> **Supplied records**
════════════════════

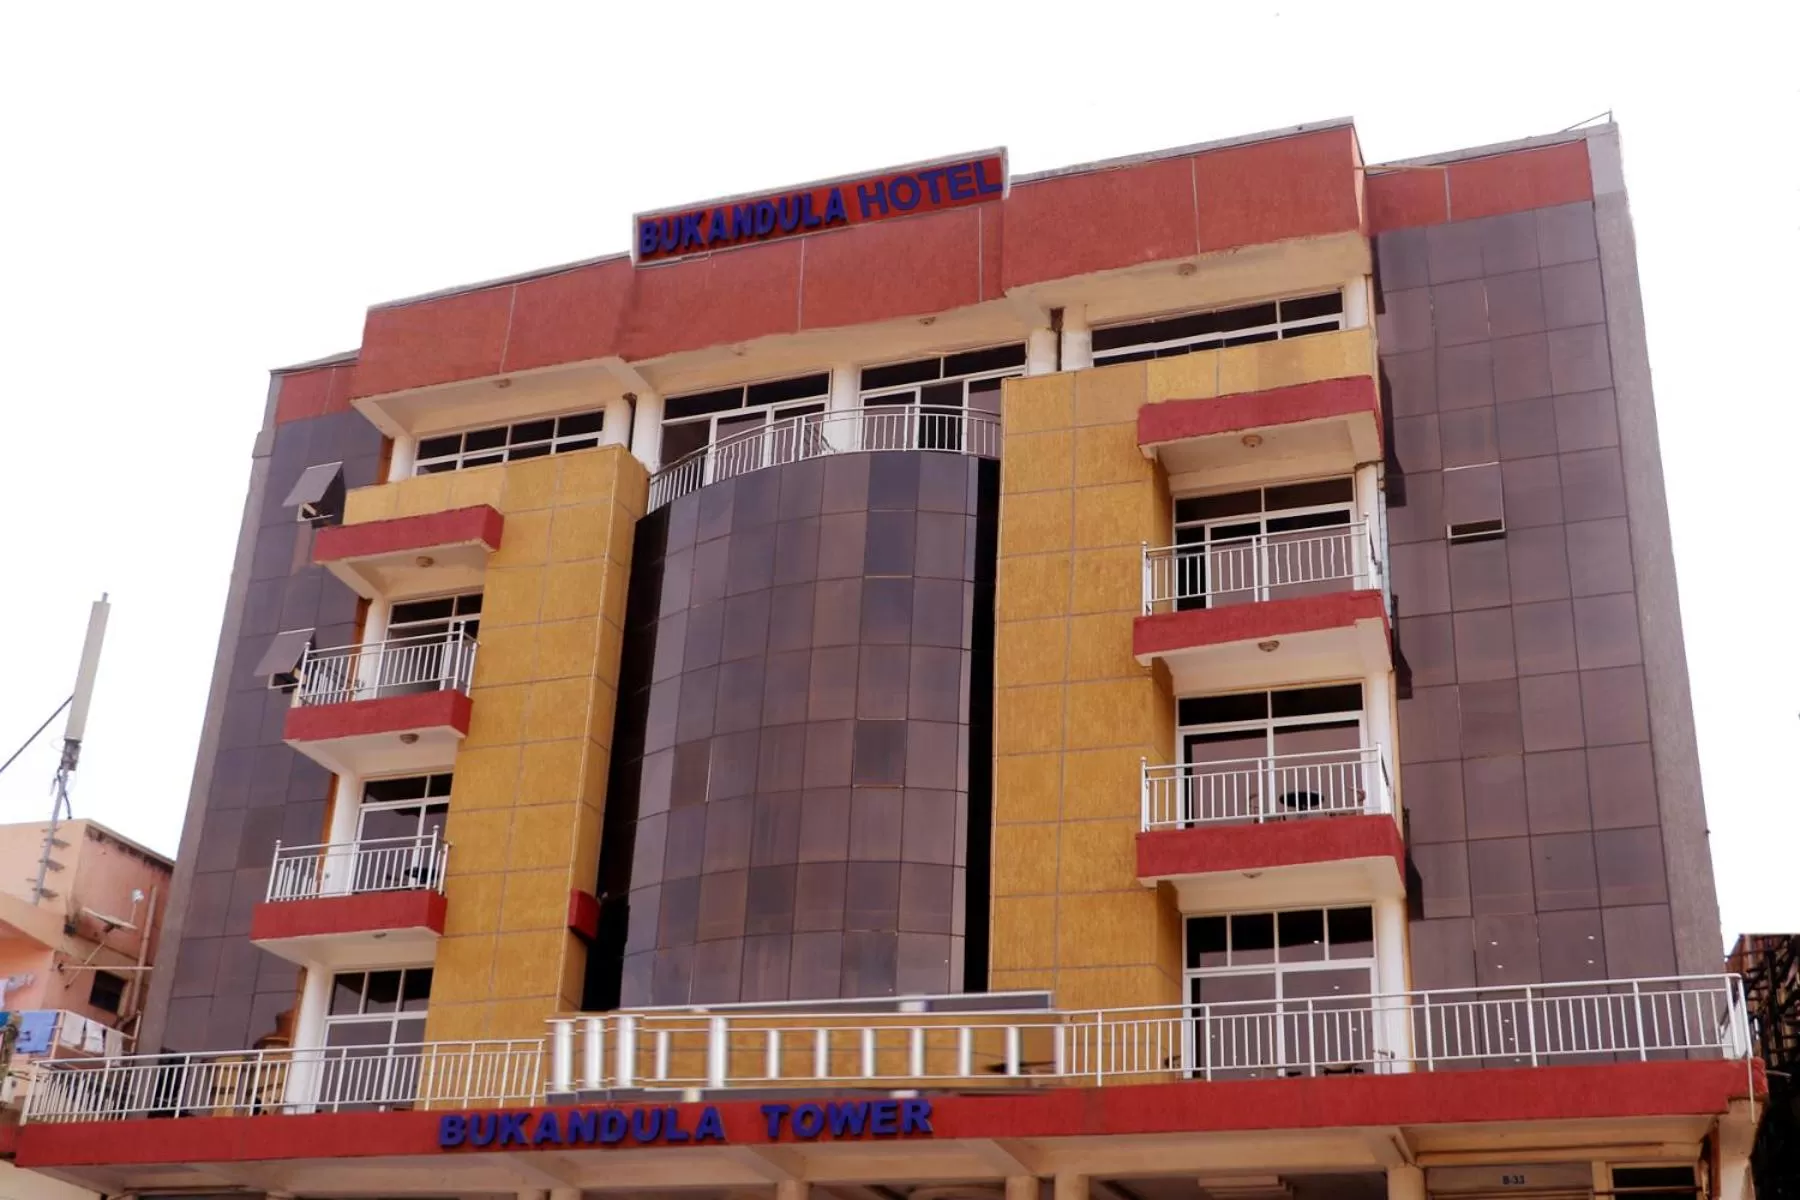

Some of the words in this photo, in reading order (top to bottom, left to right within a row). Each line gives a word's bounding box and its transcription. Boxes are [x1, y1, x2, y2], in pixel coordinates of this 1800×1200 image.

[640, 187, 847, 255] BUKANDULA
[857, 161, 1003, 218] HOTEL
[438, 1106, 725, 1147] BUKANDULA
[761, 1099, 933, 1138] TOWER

════════════════════

> **Aim of the task**
Please reproduce each entry exactly as given and omit the pictures.

> **Task output**
Some of the words in this photo, in reading order (top to bottom, left to right within a row). Each line gives a word's bounding box and its transcription. Boxes are [x1, y1, x2, y2], in pixel coordinates of this 1800×1200 image.

[640, 187, 847, 255] BUKANDULA
[857, 161, 1003, 218] HOTEL
[438, 1106, 725, 1147] BUKANDULA
[761, 1099, 933, 1138] TOWER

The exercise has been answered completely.